Nadie duda de que el cansancio producido por las actividades laborales y por el enloquecido ritmo de vida en las grandes capitales, con sus incomodidades de transporte, sus agobios y su ausencia de espacios para la vida comunitaria, hace inexcusable una distribución del ocio que no se limite a las vacaciones veraniegas establecidas por los convenios y las reglamentaciones. Sin embargo, sería preferible que esos días de respiro no se organizaran sobre esos disfuncionales puentes que proporcionan las festividades de alcance nacional o puramente locales, sino a través de fórmulas que no paralizaran, cada varias semanas, las actividades del país entero o de una región.
A este respecto, la tendencia al arbitrismo del Gobierno se combina, en ocasiones, con una divertida propensión a manipular políticamente la asignación de las festividades. Así ocurrió, por ejemplo, con la utilización por Abril Martorell del día de San José como baza para su campaña electoral en Valencia en los comicios de 1979. Y ha sucedido también con la cómica argumentación del diputado Jiménez Blanco, en la Junta de Portavoces, para que el Pleno del Congreso se retrasara una semana, no por la palmaria conveniencia que para el presidente del Gobierno y el desarrollo de la crisis ministerial significaba ese aplazamiento, sino por no ofender la devoción de los madrileños, presuntamente dolidos porque la Cámara baja ensuciara con sus trabajos la festividad de Nuestra Señora de la Cabeza. Si en una sociedad notablemente secularizada y parcialmente agnóstica los defensores de los valores religiosos no dudan en instrumentalizarlos para obtener una mínima ventaja en un asunto coyuntural de ínfima importancia, nadie se puede extrañar que los ciudadanos no se terminen de tomar en serio a esos manipuladores.
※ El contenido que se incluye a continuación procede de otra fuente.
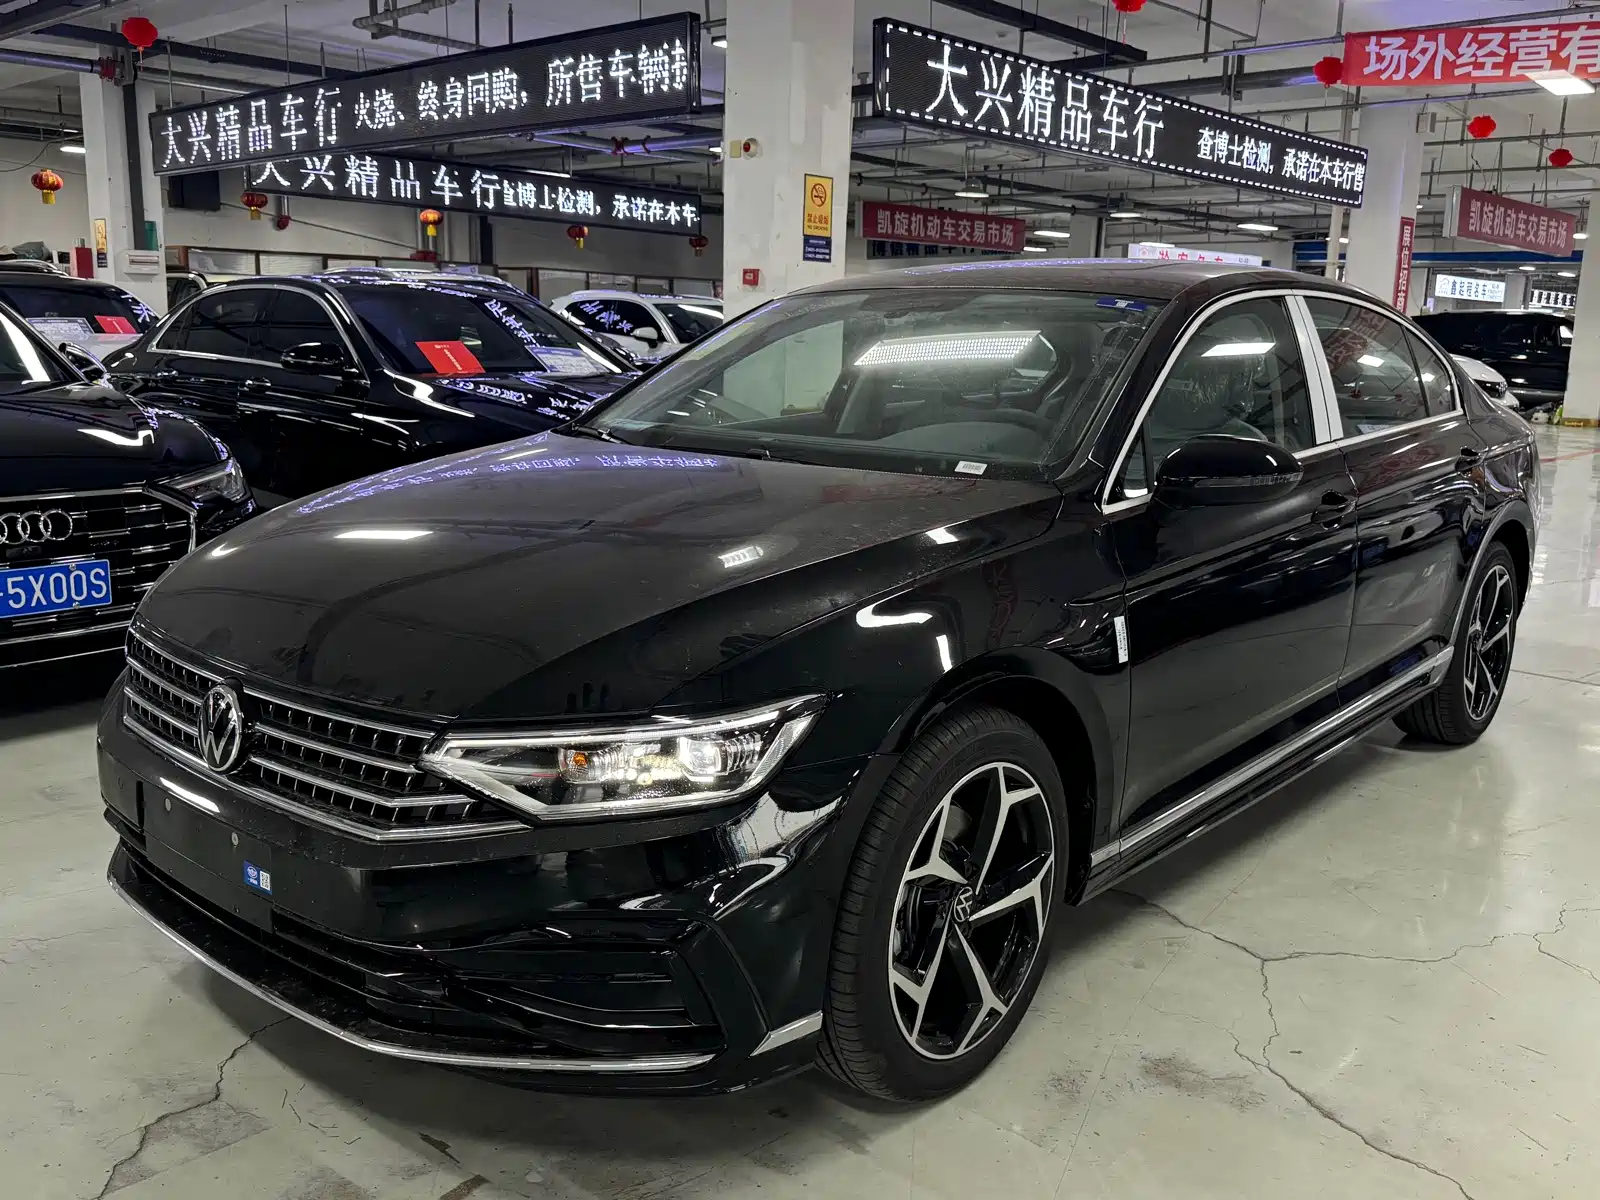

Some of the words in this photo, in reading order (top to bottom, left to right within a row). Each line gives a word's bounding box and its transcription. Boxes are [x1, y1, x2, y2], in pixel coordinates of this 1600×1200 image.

En cualquier caso, la Administración pública, las comunidades locales, las organizaciones de empresarios y las centrales sindicales deberían iniciar un serio diálogo para poner freno a la inconexa, fragmentada y disfuncional manera en que los trabajadores ganan días de ocio a la monotonía de la vida cotidiana. No se trata de que disfrutemos de menos días de holganza al año, sino de que la creación de esos necesarios espacios no se produzca semiclandestinamente a través de puentes -o de acueductos- que interrumpen la continuidad de la vida productiva y social, con un notable efecto multiplicador en contra del rendimiento de una sociedad que, para hacer frente a una grave crisis económica, tiene que saber utilizar sus recursos de manera eficiente.